From the moment we’re taught in school that there’s a “right” and “wrong” answer, we treat every task in our work like we have to find the “right” answers, even the most complicated and creative things we do. Making matters worse, in the era of Advice Overload, everybody on the internet seems to have the “right” answer for us, no matter what we’re doing.

Ode to Gray by Meghan Flaherty

As the black-and-white photographer Henri Cartier-Bresson once said to the color photographer William Eggleston: “You know, William, color is bullshit.” In the realism of the black-and-white, gray is every color—without the tartness. The understudies take the stage, and not one seems to miss the headliners. We see the world without distraction. Andre Gide called gray the color of the truth.

Ditch the almond milk: why everything you know about sustainable eating is probably wrong by Tony Naylor: ” Our willingness to jump on the latest eco-trends and unquestioningly accept reassuring labelling can lead to unintended consequences. If we are serious about eating green, we need to read beyond the headlines and think rigorously about how we apply ethical advice in our own lives.”

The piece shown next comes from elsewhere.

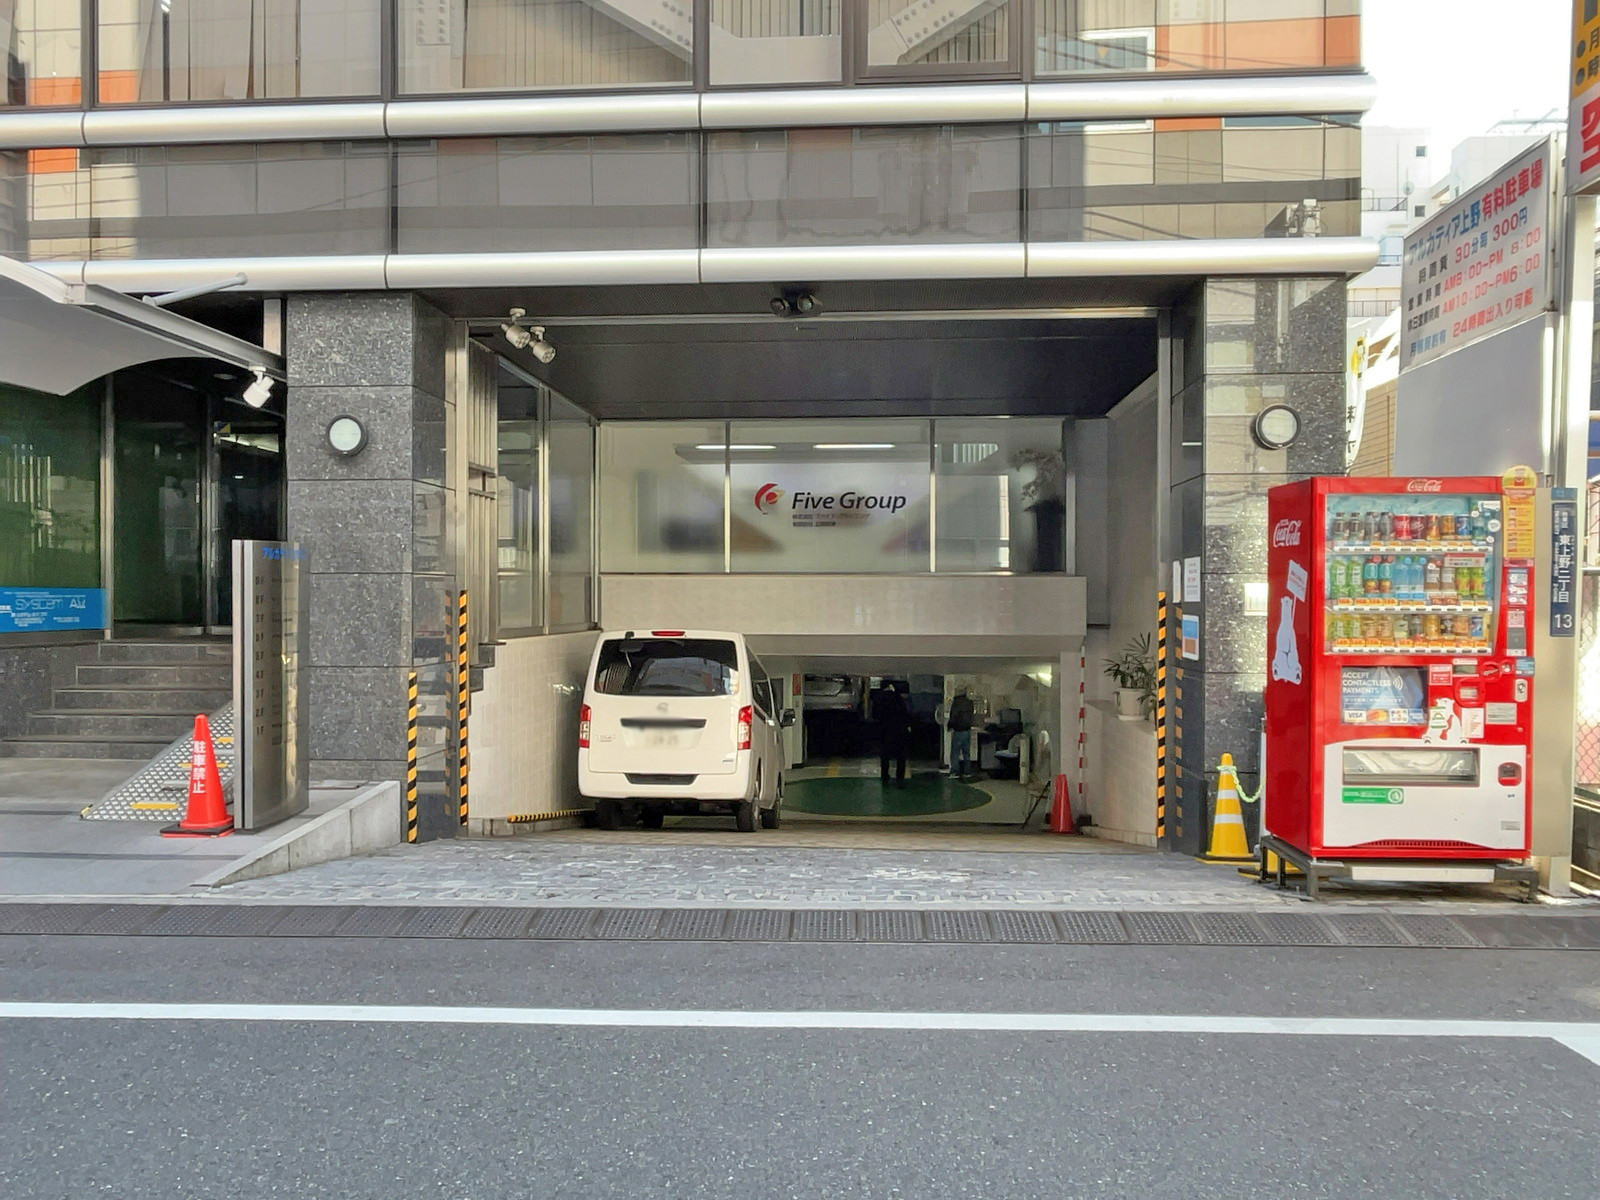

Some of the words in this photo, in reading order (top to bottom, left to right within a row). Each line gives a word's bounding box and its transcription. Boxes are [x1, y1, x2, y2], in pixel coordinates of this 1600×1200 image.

[792, 492, 835, 510] Five
[839, 491, 907, 513] Group
[1558, 535, 1571, 603] 東上野二丁目
[1554, 614, 1573, 629] 13

The appealing myth of the frugal billionaire by Gaby Del Valle

In other words, the financial advice millionaires dispense onto the masses ignores basically every structural problem that keeps people poor in the first place, from poorly funded public schools to stagnating wages to being saddled with tens of thousands of dollars of student loan debt. Frugality is presented as a simple position to a complicated problem — a promise that anyone who saves enough money and has the right mindset can be rich, or, at the very least, not poor.

The Crazy Contentious History Of Taco Tuesday by Gustavo Arellano

Trying to pin down who “invented” Mexican food dishes and customs is a parlor game riddled with charlatans and tall-tale tellers. There are at least a dozen origin stories for the margarita, more than a few for Korean tacos, and too many theories about the origins of burritos to even pay attention.

But on the subject of Taco Tuesday, the evidence is clear: Taco John’s doesn’t know what it’s talking about. And the phrase was in existence long before the chain got around to filing for its trademark.

What’s the most interesting thing you saw online this month?